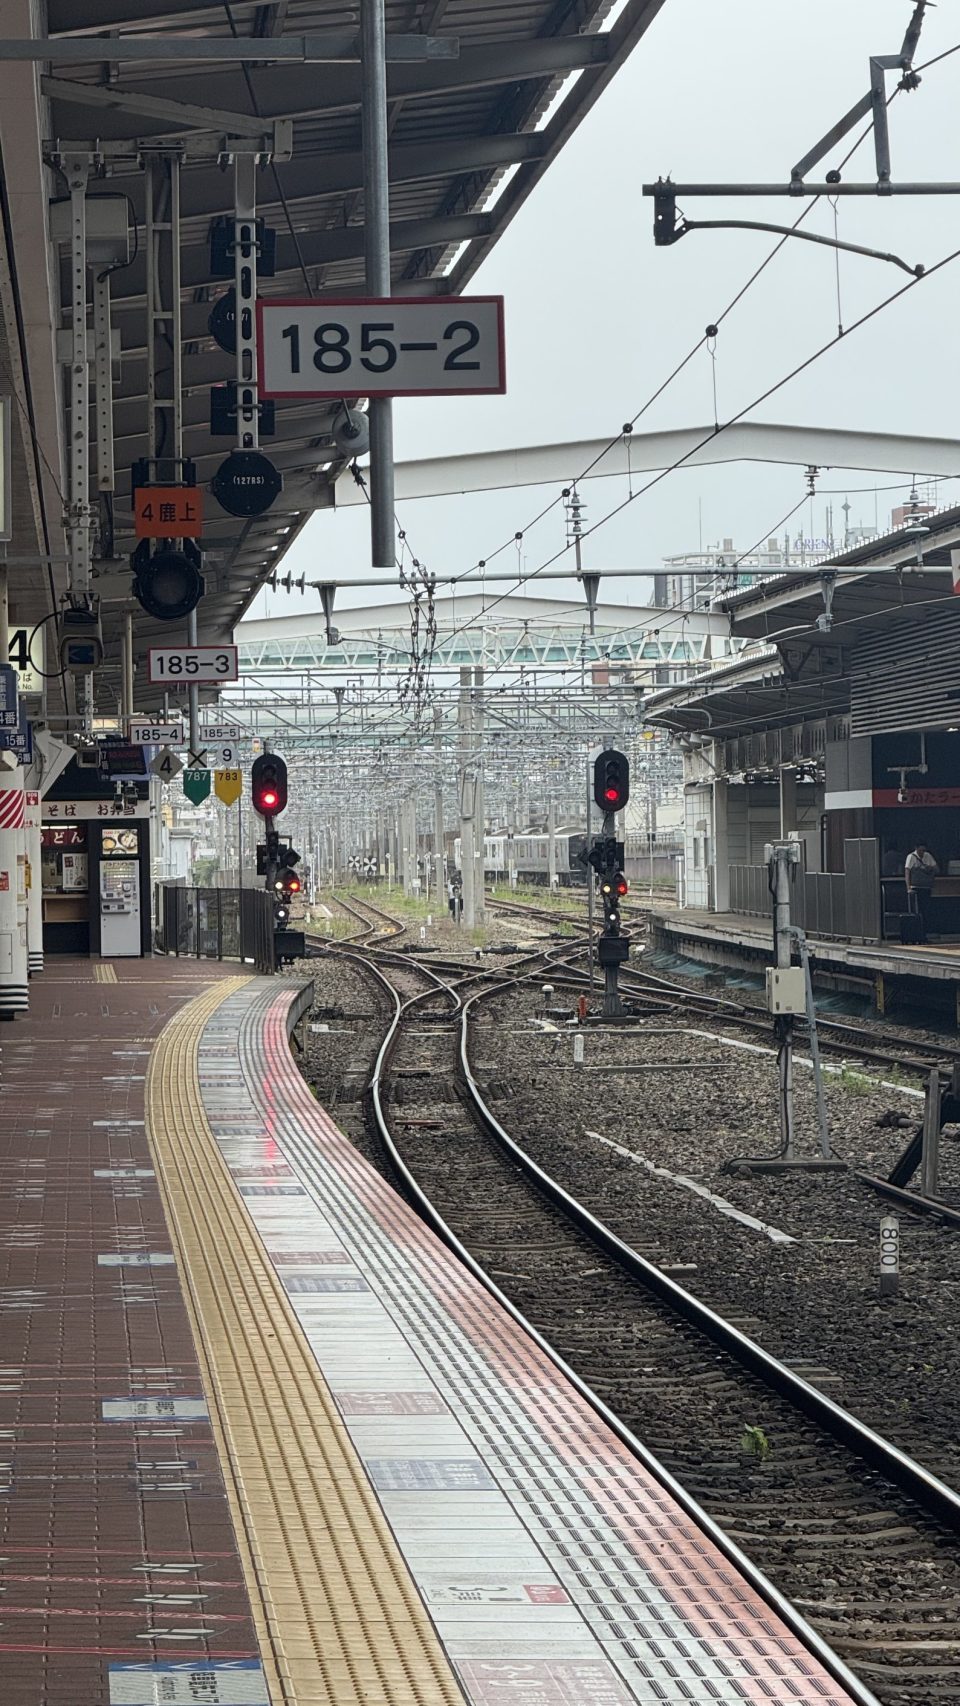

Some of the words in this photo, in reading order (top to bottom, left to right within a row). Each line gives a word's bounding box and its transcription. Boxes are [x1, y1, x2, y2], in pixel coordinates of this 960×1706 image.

[282, 320, 481, 374] 185-2
[157, 654, 230, 675] 185-3
[135, 729, 179, 741] 185-4
[204, 728, 236, 738] 185-5
[222, 748, 232, 762] 9
[160, 756, 173, 773] 4
[187, 771, 207, 781] 787
[218, 772, 238, 781] 783
[48, 804, 77, 817] そば
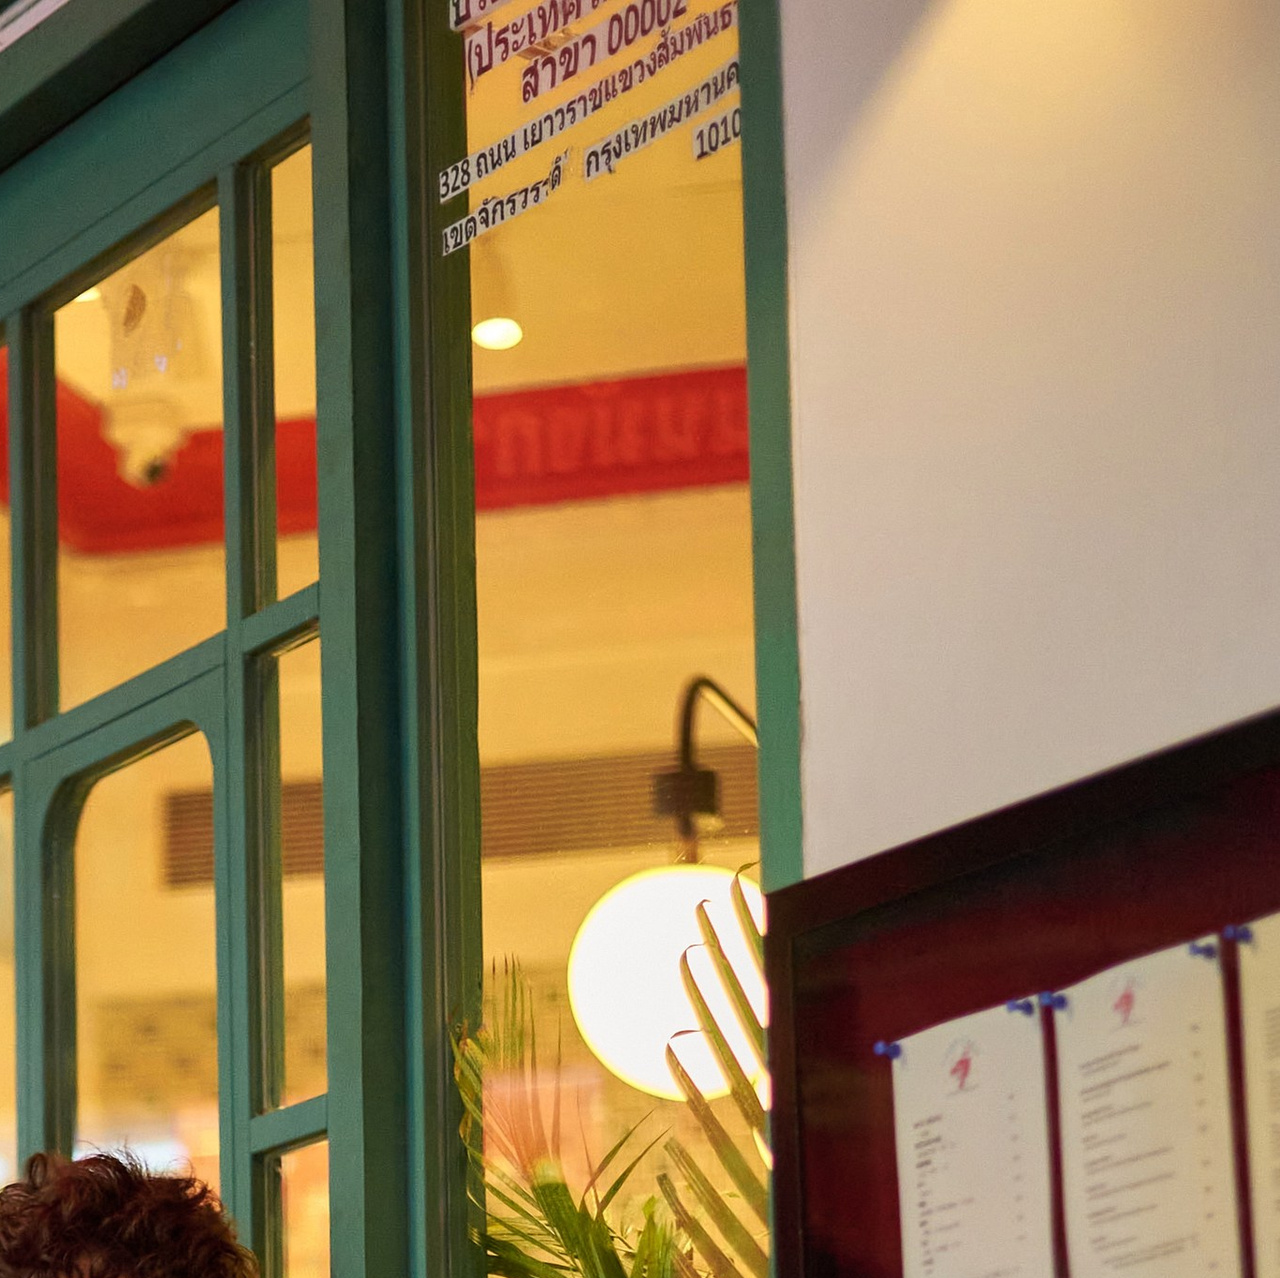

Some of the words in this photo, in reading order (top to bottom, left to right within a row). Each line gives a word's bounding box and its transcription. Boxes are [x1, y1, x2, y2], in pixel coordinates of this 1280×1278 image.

[522, 33, 597, 103] สาขา
[440, 158, 470, 199] 328
[476, 135, 517, 179] ถนน

**What you should do**
Output all the material exactly. The pictures are to be left out.

**Response to this exercise**
Some of the words in this photo, in reading order (top to bottom, left to right within a row). Each line gives a word's bounding box and its transcription. Boxes are [x1, y1, x2, y2], in pixel coordinates of this 960×1706 image.

[282, 320, 481, 374] 185-2
[157, 654, 230, 675] 185-3
[135, 729, 179, 741] 185-4
[204, 728, 236, 738] 185-5
[222, 748, 232, 762] 9
[160, 756, 173, 773] 4
[187, 771, 207, 781] 787
[218, 772, 238, 781] 783
[48, 804, 77, 817] そば

Some of the words in this photo, in reading order (top to bottom, left to right within a row). Each line gives a word's bounding box and its transcription. Boxes are [x1, y1, x2, y2], in pixel coordinates of this 1280×1278 image.

[522, 33, 597, 103] สาขา
[440, 158, 470, 199] 328
[476, 135, 517, 179] ถนน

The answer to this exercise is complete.